OpenHands can be customized to work more effectively with specific repositories by providing repository-specific context and guidelines.

This section explains how to optimize OpenHands for your project.

Creating Repository Microagents

You can customize OpenHands' behavior for your repository by creating a .openhands/microagents/ directory in your repository's root.

You can enhance OpenHands' performance by adding custom microagents to your repository:

  1. For overall repository-specific instructions, create a .openhands/microagents/repo.md file
  2. For reusable domain knowledge triggered by keywords, add multiple .md files to .openhands/microagents/knowledge/
  3. For common workflows and tasks, create multiple .md files to .openhands/microagents/tasks/

Check out the best practices for formatting the content of your custom microagent.

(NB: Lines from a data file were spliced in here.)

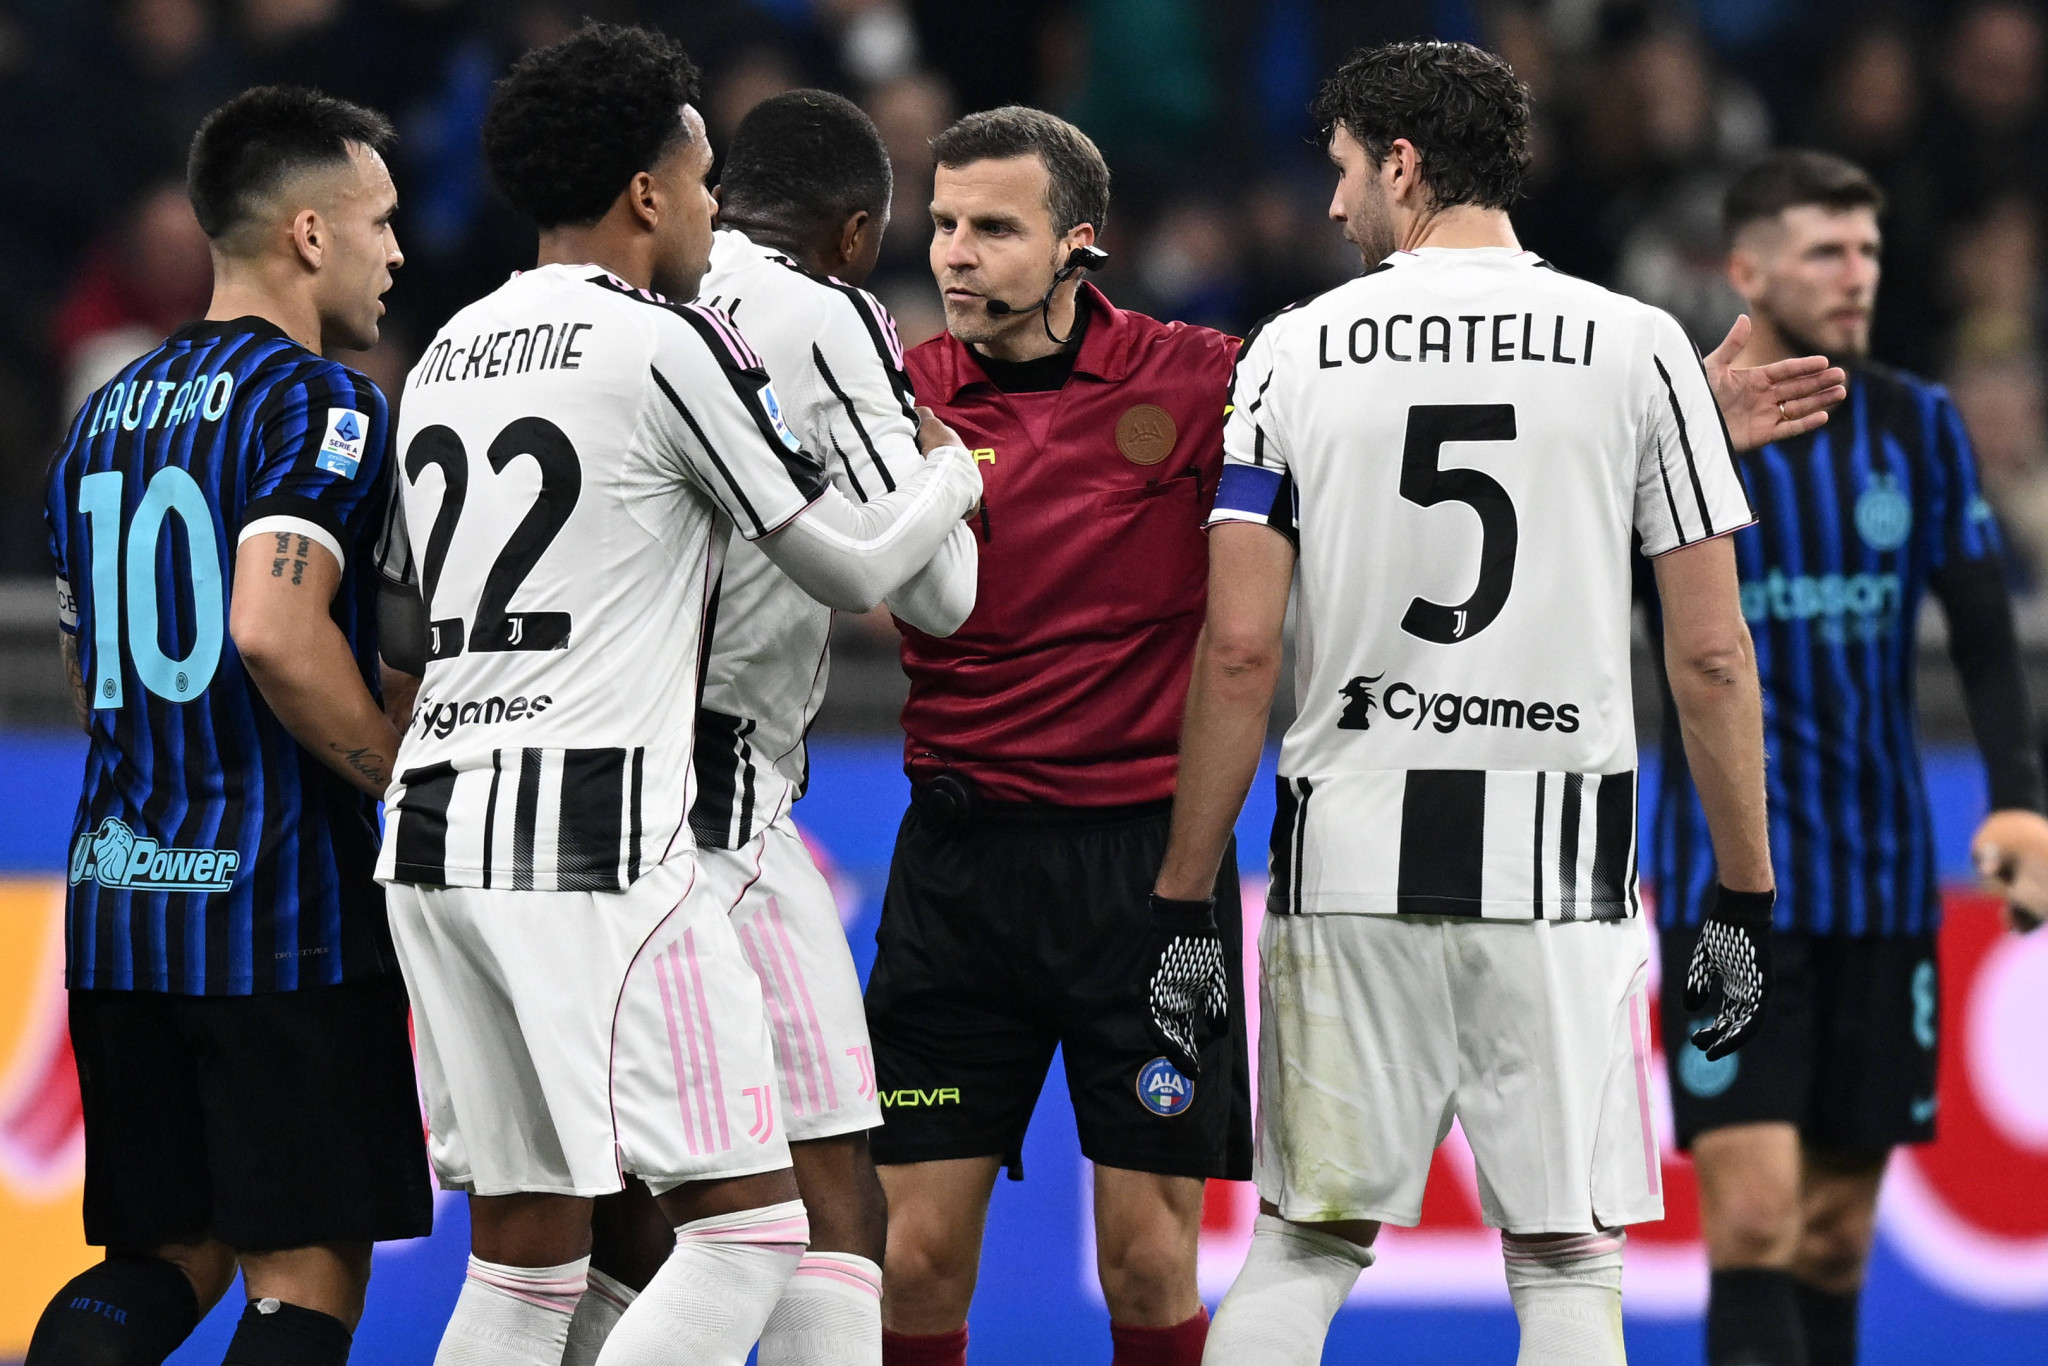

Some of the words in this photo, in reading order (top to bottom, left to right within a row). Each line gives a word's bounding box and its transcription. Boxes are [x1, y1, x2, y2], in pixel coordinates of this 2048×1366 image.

[1319, 313, 1595, 369] LOCATELLI
[87, 371, 234, 439] LAUTARO
[329, 438, 352, 452] SERIE
[351, 447, 358, 455] A
[404, 416, 582, 663] 22
[1399, 403, 1518, 645] 5
[78, 465, 224, 710] 10
[1382, 682, 1580, 734] Cygames
[121, 838, 239, 886] Power
[1148, 1072, 1185, 1095] AIA

Keep in mind that loaded microagents take up space in the context window. It's crucial to strike a balance between the additional context provided by microagents and the instructions provided in the user's inputs.

Note that you can use OpenHands to create new microagents. The public microagent add_agent is loaded to all OpenHands instance and can support you on this.

Types of Microagents

OpenHands supports three primary types of microagents, each with specific purposes and features to enhance agent performance:

The standard directory structure within a repository is:

  • One main repo.md file containing repository-specific instructions
  • Additional Knowledge agents in .openhands/microagents/knowledge/ directory
  • Additional Task agents in .openhands/microagents/tasks/ directory

When processing the .openhands/microagents/ directory, OpenHands will recursively scan all subfolders and process any .md files (except README.md) it finds. The system determines the microagent type based on the type field in the YAML frontmatter, not by the file's location. However, for organizational clarity, it's recommended to follow the standard directory structure.

Repository Microagents

The Repository microagent is loaded specifically from .openhands/microagents/repo.md and serves as the main repository-specific instruction file. This single file is automatically loaded whenever OpenHands works with that repository without requiring any keyword matching or explicit call from the user.

OpenHands does not support multiple repo.md files in different locations or multiple microagents with type repo.

If you need to organize different types of repository information, the recommended approach is to use a single repo.md file with well-structured sections rather than trying to create multiple microagents with the type repo.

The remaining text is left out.